The municipal councils ceased functioning following the 1991–1992 Georgian coup d'état. The local self-government was only re-established in 1998. The new law "On the Georgian Capital – Tbilisi" was passed by the Georgian parliament. The members of Tbilisi sakrebulo were elected through a fully proportional representation in 1998 and 2002. The Sakrebulo elections gained high importance because of their proximity to the parliamentary elections, with the parties seeing victory in the local elections as a bridgehead for the success in the parliamentary polls. The Tbilisi sakrebulo served both as a platform to challenge members of the very corrupt government of President Eduard Shevardnadze, as well as to pursue private mercantile interests too, with many of its members themselves being noticeably corrupt. The 1998 Tbilisi Sakrebulo elections resulted in the significant success for the opposition, with the ruling Union of Citizens, despite finishing on the 1st place, being unable to secure majority of seats and the opposition Labour Party member Lado Kakhadze being elected to the chairmanship of sakrebulo. However, both in Tbilisi sakrebulo and others, its oppositionist members soon discovered that they did not have enough administrative resources compared to the centrally-appointed executive bodies.
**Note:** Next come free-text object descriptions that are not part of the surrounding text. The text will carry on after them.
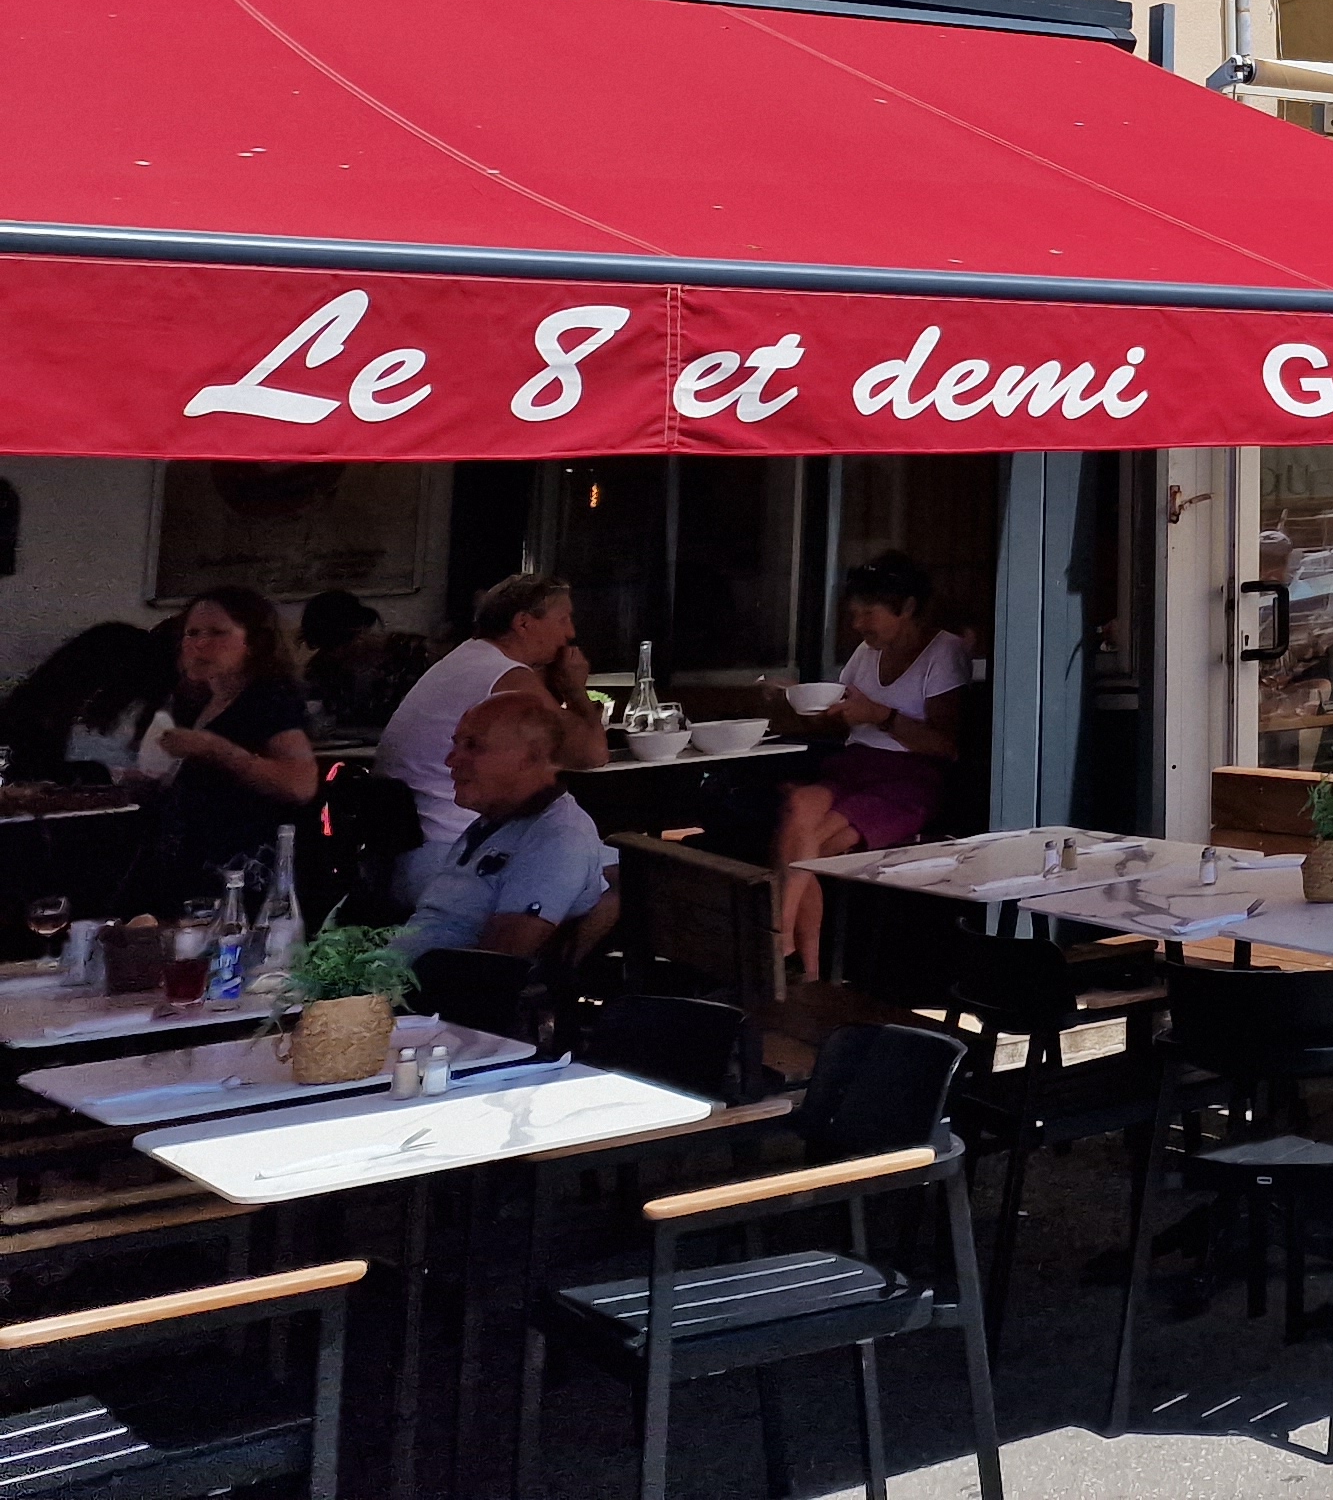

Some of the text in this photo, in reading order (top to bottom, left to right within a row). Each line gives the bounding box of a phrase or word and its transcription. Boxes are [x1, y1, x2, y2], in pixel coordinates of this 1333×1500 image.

[183, 288, 432, 424] Le
[509, 305, 631, 422] 8
[672, 332, 805, 424] et
[852, 325, 1149, 421] demi
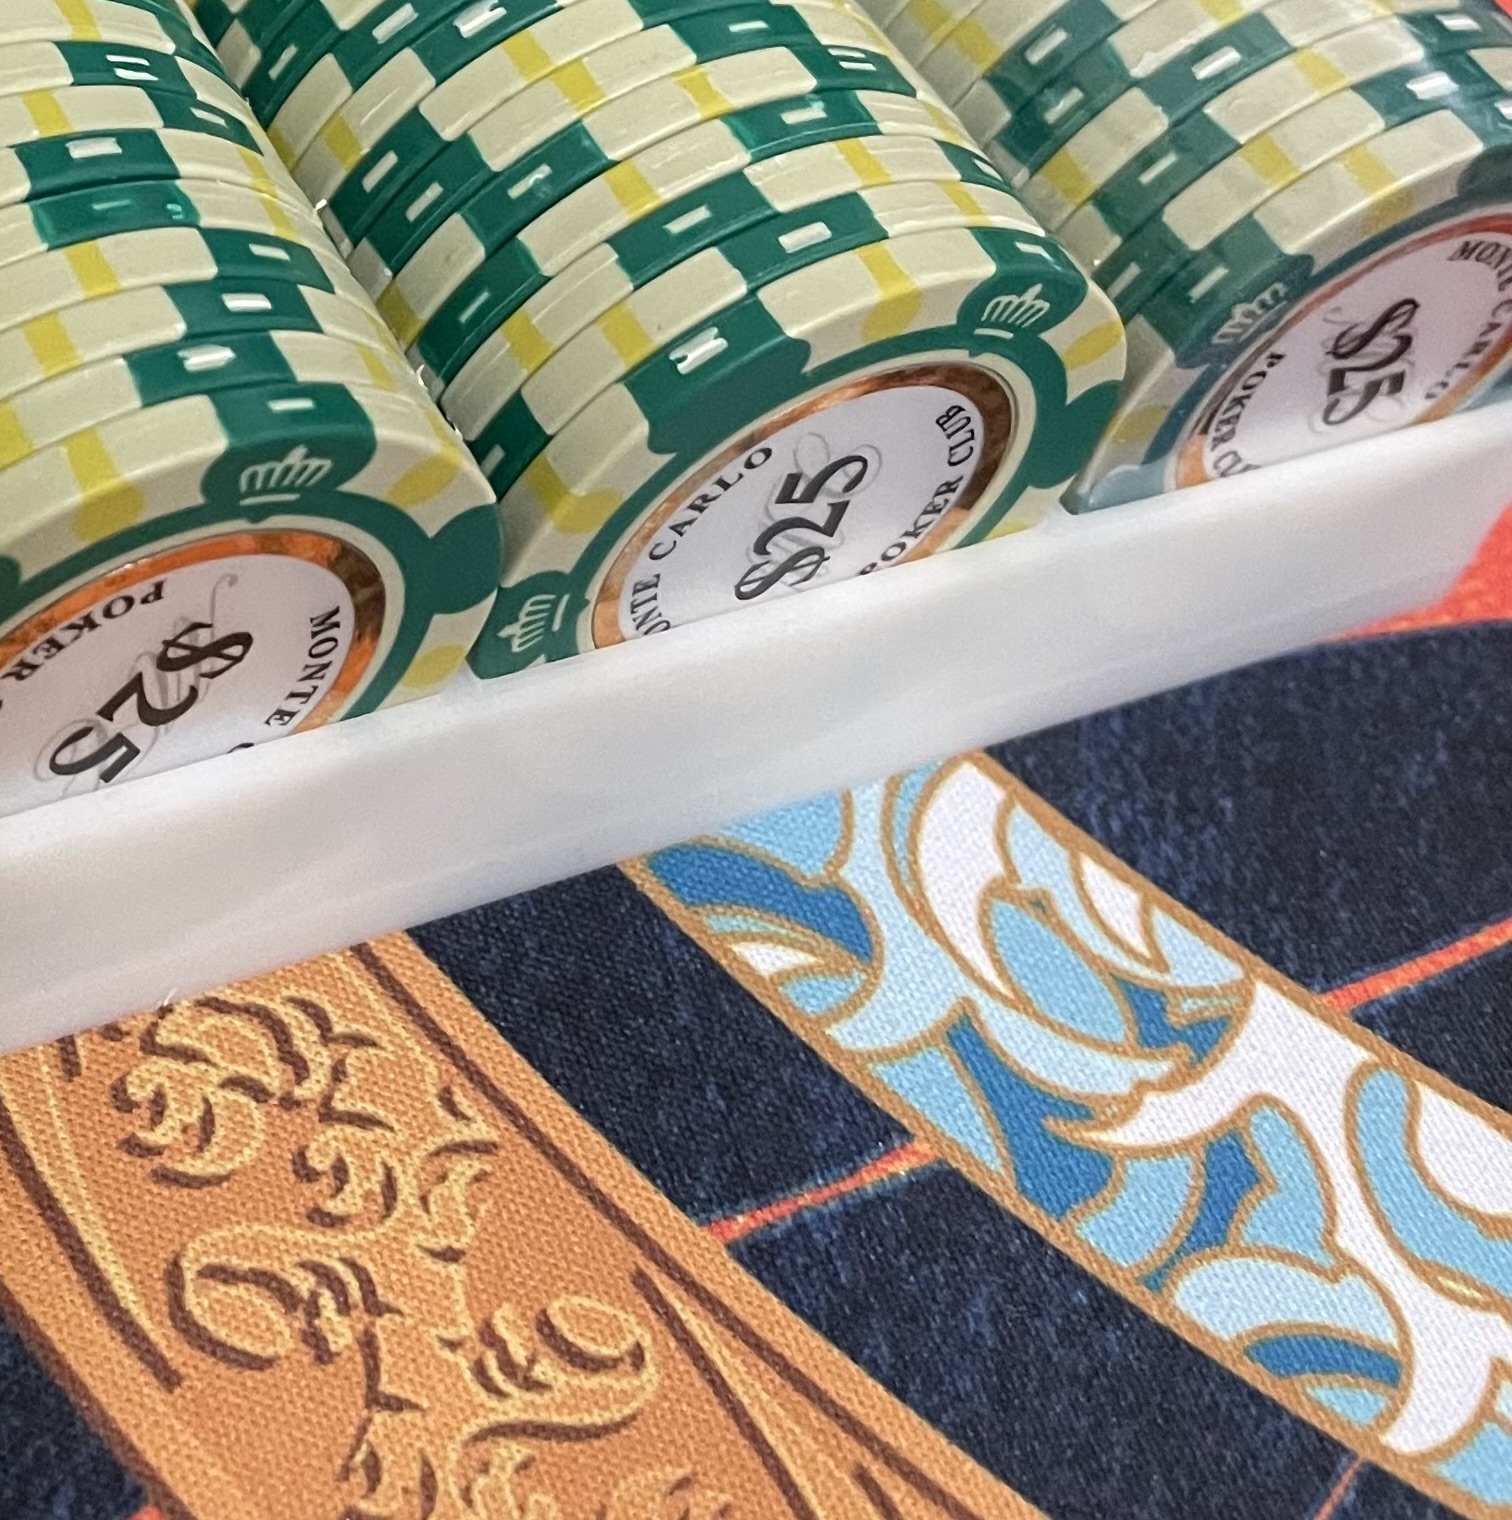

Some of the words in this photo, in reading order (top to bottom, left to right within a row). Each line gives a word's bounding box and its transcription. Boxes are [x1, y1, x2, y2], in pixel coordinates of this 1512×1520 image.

[1323, 297, 1421, 426] $25
[934, 403, 980, 467] CLUB
[647, 445, 773, 561] CARLO
[733, 454, 869, 601] $25
[1, 578, 168, 682] POKER
[630, 572, 671, 636] ONTE
[48, 622, 255, 784] $25
[263, 605, 341, 728] MONTE
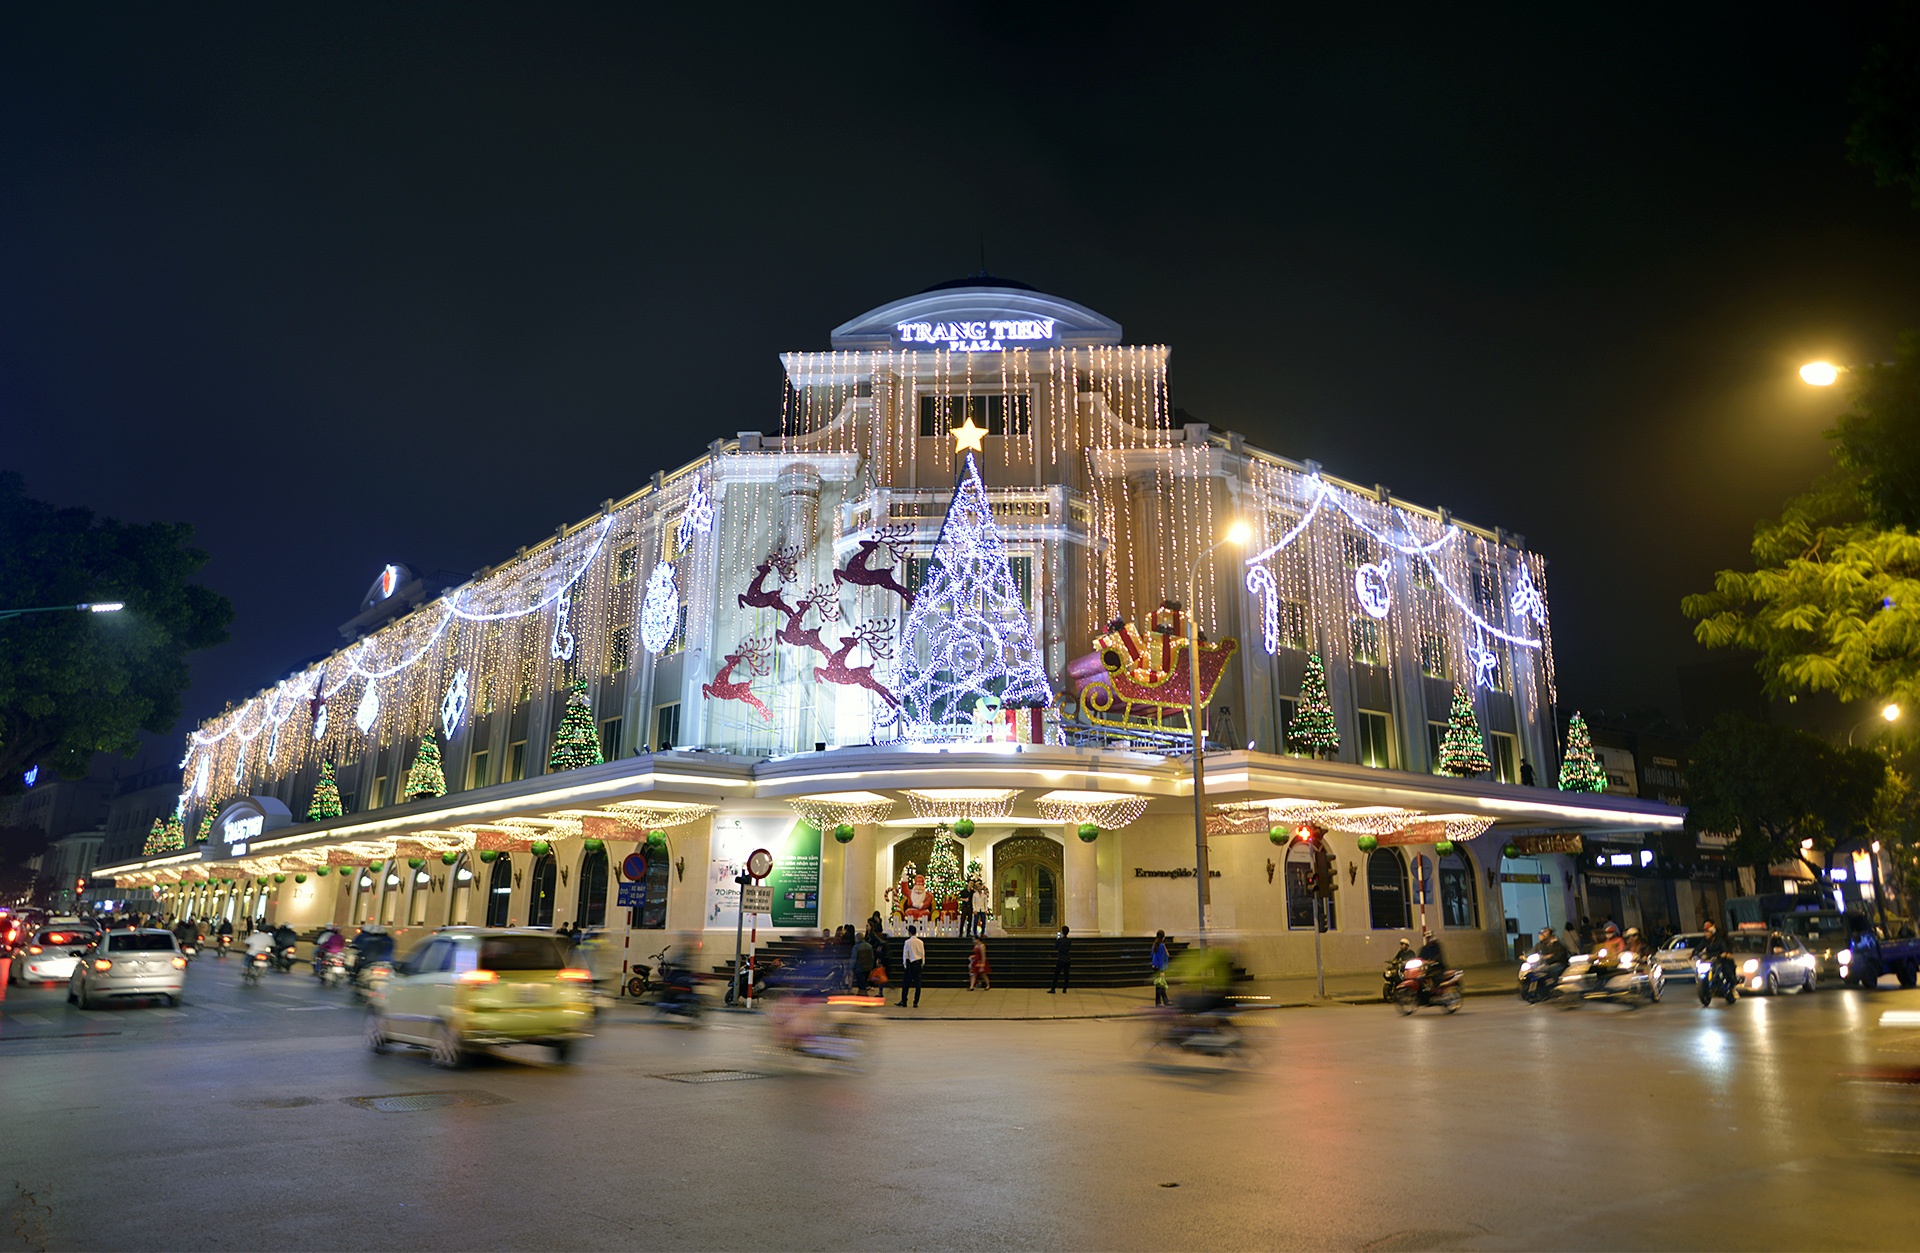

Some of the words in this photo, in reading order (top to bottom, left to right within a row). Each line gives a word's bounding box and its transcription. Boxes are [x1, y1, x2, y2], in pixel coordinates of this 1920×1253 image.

[949, 340, 1002, 351] PLAZA
[1135, 867, 1192, 879] Ermenegildo
[1192, 868, 1221, 878] Zna
[715, 888, 726, 896] 70
[726, 888, 741, 896] iPho
Moreover, many of oppositionist deputies were co-opted by the ruling party, and the success of the opposition soon made a u-turn, especially in Tbilisi. Lado Kakhadze himself soon left the Labour Party and joined the Union of Citizens. Therefore, the relative success of the opposition in the local elections did not preclude the ruling party from achieving a decisive victory in the 1999 Georgian parliamentary election.

==Composition==

The members of the Sakrebulo are selected through a mixed electoral system. Of the 50 deputies, 25 are elected through party lists, while the remaining 25 through single-mandate constituencies.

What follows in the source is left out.